Pregnancy and lactation:
The use of the preparation in the first trimester of pregnancy is not recommended (there is a risk of teratogenic effect). Use in the second and third trimester of pregnancy is contraindicated. Irbesartan used in the second and third trimester of pregnancy is toxic to fetal development (deterioration of renal function, oligohydramnios, delayed ossification of the skull) and newborn (renal failure, hypotension, hyperkalemia) - when exposure to the drug occurred from the second trimester of pregnancy, it is recommended an ultrasound examination of the fetus skull and kidneys; children whose mothers took the drug during pregnancy should be closely monitored for hypotension.
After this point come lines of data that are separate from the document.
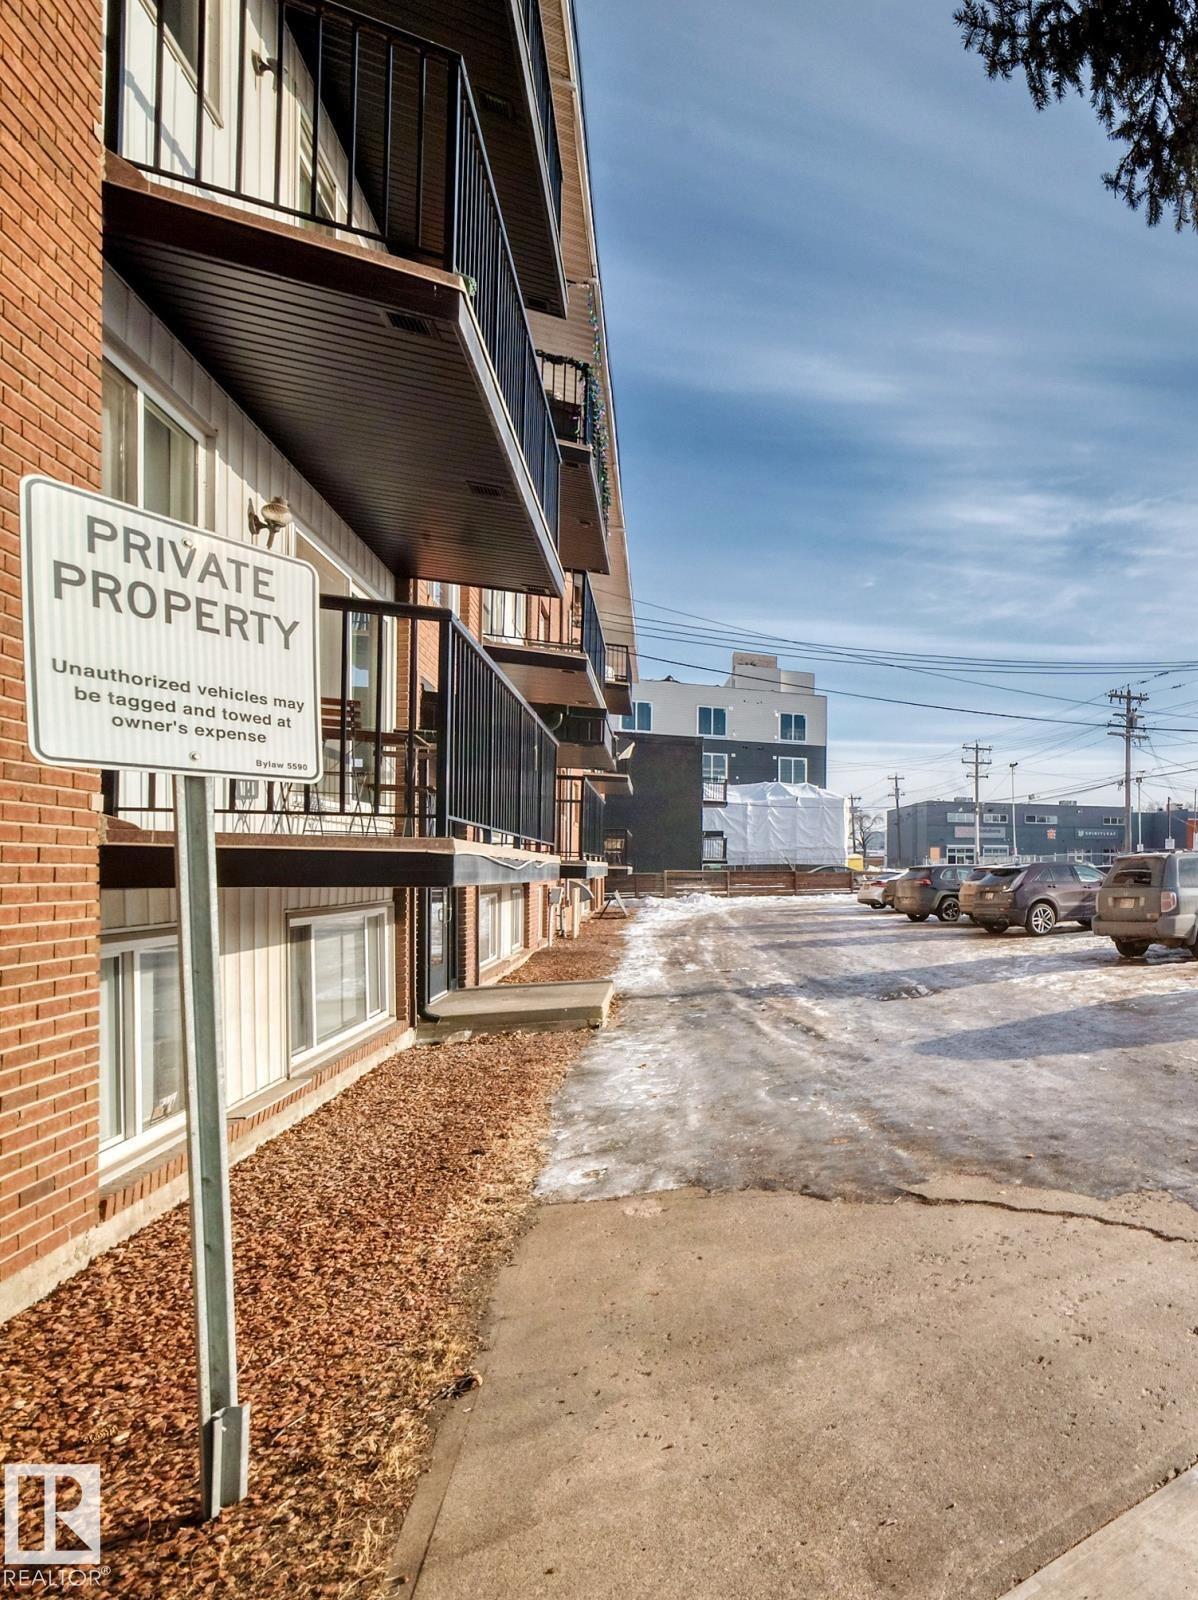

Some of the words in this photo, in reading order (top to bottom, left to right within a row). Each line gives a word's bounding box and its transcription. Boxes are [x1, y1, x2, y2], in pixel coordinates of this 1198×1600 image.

[86, 515, 276, 602] PRIVATE
[53, 560, 300, 650] PROPERTY
[52, 658, 190, 693] Unauthorized
[197, 684, 268, 706] vehicles
[273, 697, 305, 714] may
[74, 686, 101, 703] be
[108, 691, 176, 713] tagged
[183, 704, 216, 719] and
[222, 708, 272, 727] towed
[277, 716, 292, 729] at
[112, 715, 188, 735] owner's
[194, 725, 267, 744] expense
[255, 759, 284, 769] Bylaw
The drug is not recommended during breast-feeding.
Side effects:
Very common: hyperkalemia. Common: increase in creatine kinase, decrease in hemoglobin, dizziness, orthostatic dizziness, nausea, vomiting, musculoskeletal pain, orthostatic hypotension, fatigue. Uncommon: tachycardia, cough, diarrhea, indigestion, heartburn, redness of the face, chest pain, sexual dysfunction. In addition, you may experience: headache, tinnitus, disturbed taste, kidney problems (including cases of kidney failure in patients with risk factors), leukocytoclastic vasculitis, arthralgia, myalgia (in some cases associated with increased creatine kinase activity) , painful muscle cramps, hypersensitivity reactions (rash, urticaria, angioneurotic edema), hepatitis, abnormal liver function.
Dosage:
Orally. The usual recommended initial and maintenance dose is 150 mg once a day. A single daily dose of 150 mg enables a better daily control of blood pressure than at a dose of 75 mg. In patients who do not achieve adequate control after a single daily dose of 150 mg, the dose may be increased to 300 mg or another antihypertensive agent may be used. In particular, the additional use of a diuretic, such as hydrochlorothiazide, has shown additive activity with irbesartan. In patients with hypertension and type 2 diabetes, treatment should be initiated with 150 mg irbesartan once a day and gradually increase to 300 mg once a day, ie to the recommended maintenance dose for the treatment of co-existing renal disease. If necessary, another antihypertensive drug may be used to obtain normal blood pressure.Special groups of patients. No dosage adjustment is necessary in patients with mild to moderate hepatic impairment and in patients with impaired renal function. A lower starting dose (75 mg) should be considered in patients undergoing hemodialysis. Elderly patients do not usually need to adjust their dosage, although in patients> 75 years of age, starting 75 mg should be considered. The tablets can be taken with or without food, with water.